Action item – Could the data below please be reproduced word for word, without the pictures?

Records to process –
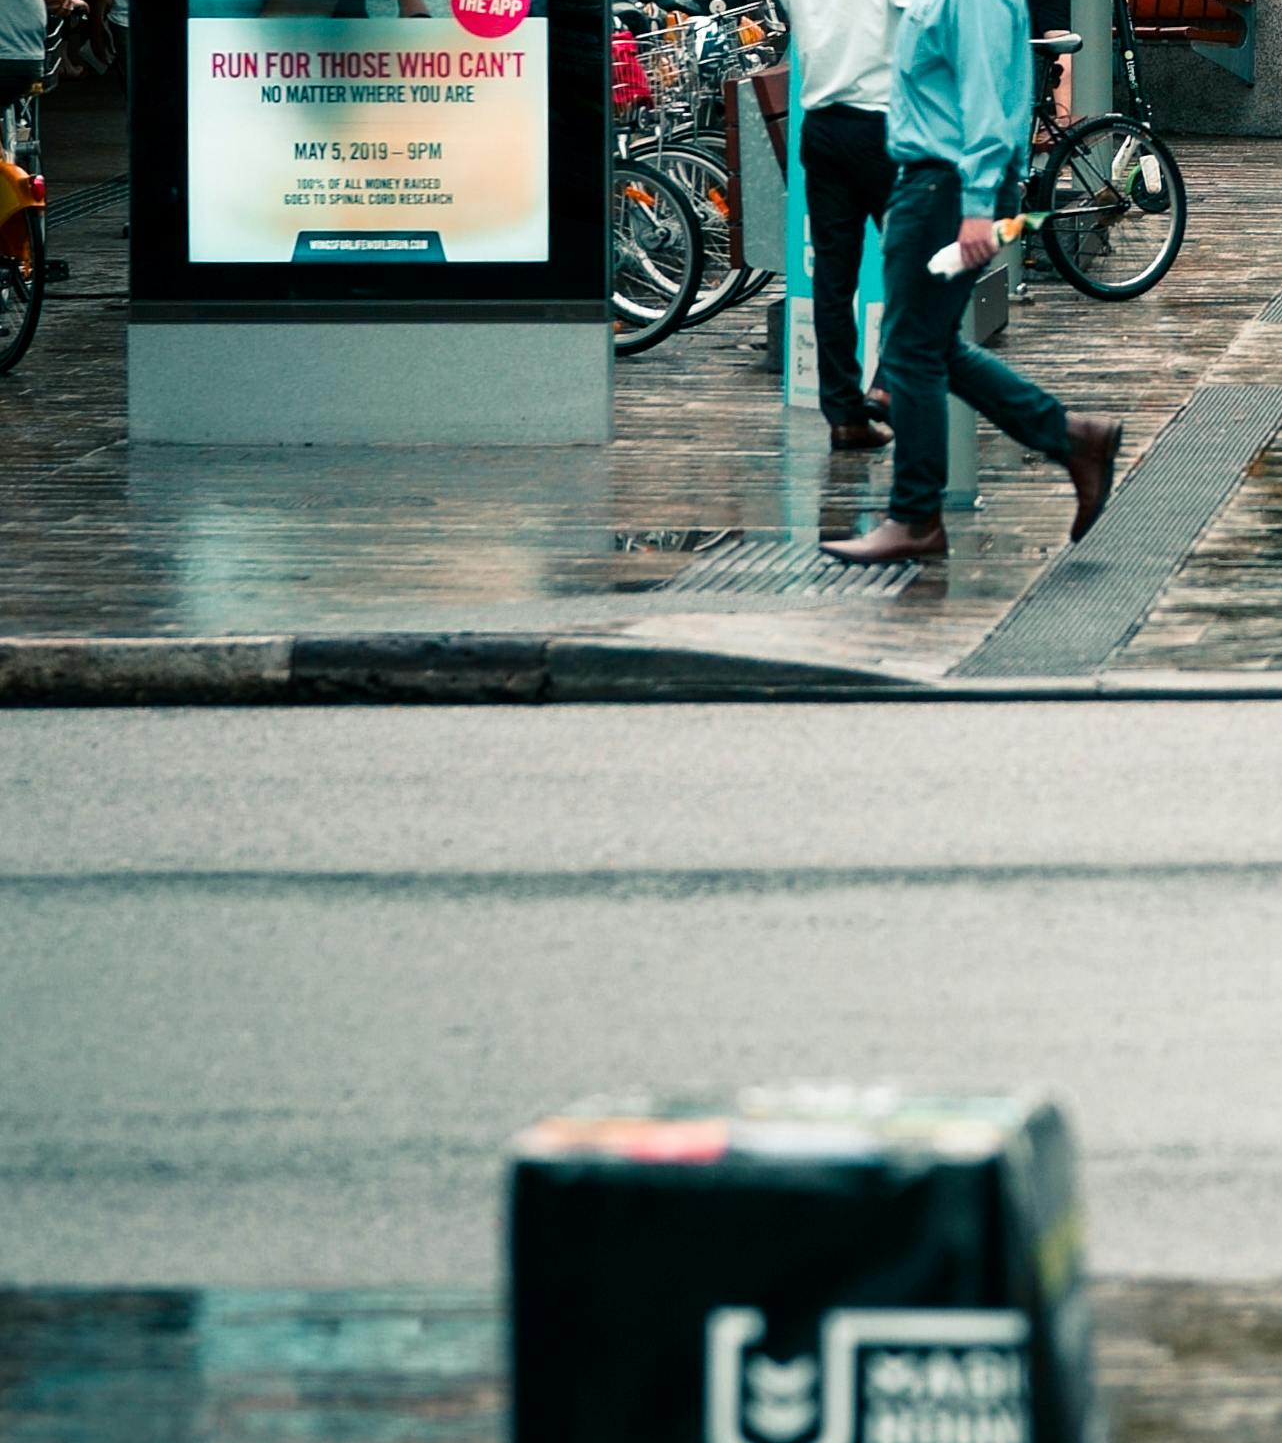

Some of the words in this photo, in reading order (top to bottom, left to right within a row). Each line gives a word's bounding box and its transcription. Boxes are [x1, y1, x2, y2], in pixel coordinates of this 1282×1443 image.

[211, 52, 258, 78] RUN
[265, 52, 311, 78] FOR
[317, 52, 391, 78] THOSE
[396, 52, 450, 78] WHO
[458, 52, 526, 78] CAN'T
[261, 85, 282, 103] NO
[286, 85, 346, 103] MATTER
[350, 85, 406, 103] WHERE
[410, 85, 440, 103] YOU
[444, 85, 475, 103] ARE
[294, 142, 327, 160] MAY
[331, 142, 346, 163] 5,
[350, 142, 388, 160] 2019
[407, 142, 442, 160] 9PM
[297, 179, 325, 190] 100%
[329, 179, 340, 190] OF
[345, 179, 362, 190] ALL
[365, 179, 400, 190] MONEY
[403, 179, 441, 190] RAISED
[284, 194, 310, 205] GOES
[313, 194, 326, 205] TO
[329, 194, 366, 205] SPINAL
[368, 194, 396, 205] CORD
[400, 194, 453, 205] RESEARCH

Solved problem –
Some of the words in this photo, in reading order (top to bottom, left to right within a row). Each line gives a word's bounding box and its transcription. Boxes are [x1, y1, x2, y2], in pixel coordinates of this 1282×1443 image.

[211, 52, 258, 78] RUN
[265, 52, 311, 78] FOR
[317, 52, 391, 78] THOSE
[396, 52, 450, 78] WHO
[458, 52, 526, 78] CAN'T
[261, 85, 282, 103] NO
[286, 85, 346, 103] MATTER
[350, 85, 406, 103] WHERE
[410, 85, 440, 103] YOU
[444, 85, 475, 103] ARE
[294, 142, 327, 160] MAY
[331, 142, 346, 163] 5,
[350, 142, 388, 160] 2019
[407, 142, 442, 160] 9PM
[297, 179, 325, 190] 100%
[329, 179, 340, 190] OF
[345, 179, 362, 190] ALL
[365, 179, 400, 190] MONEY
[403, 179, 441, 190] RAISED
[284, 194, 310, 205] GOES
[313, 194, 326, 205] TO
[329, 194, 366, 205] SPINAL
[368, 194, 396, 205] CORD
[400, 194, 453, 205] RESEARCH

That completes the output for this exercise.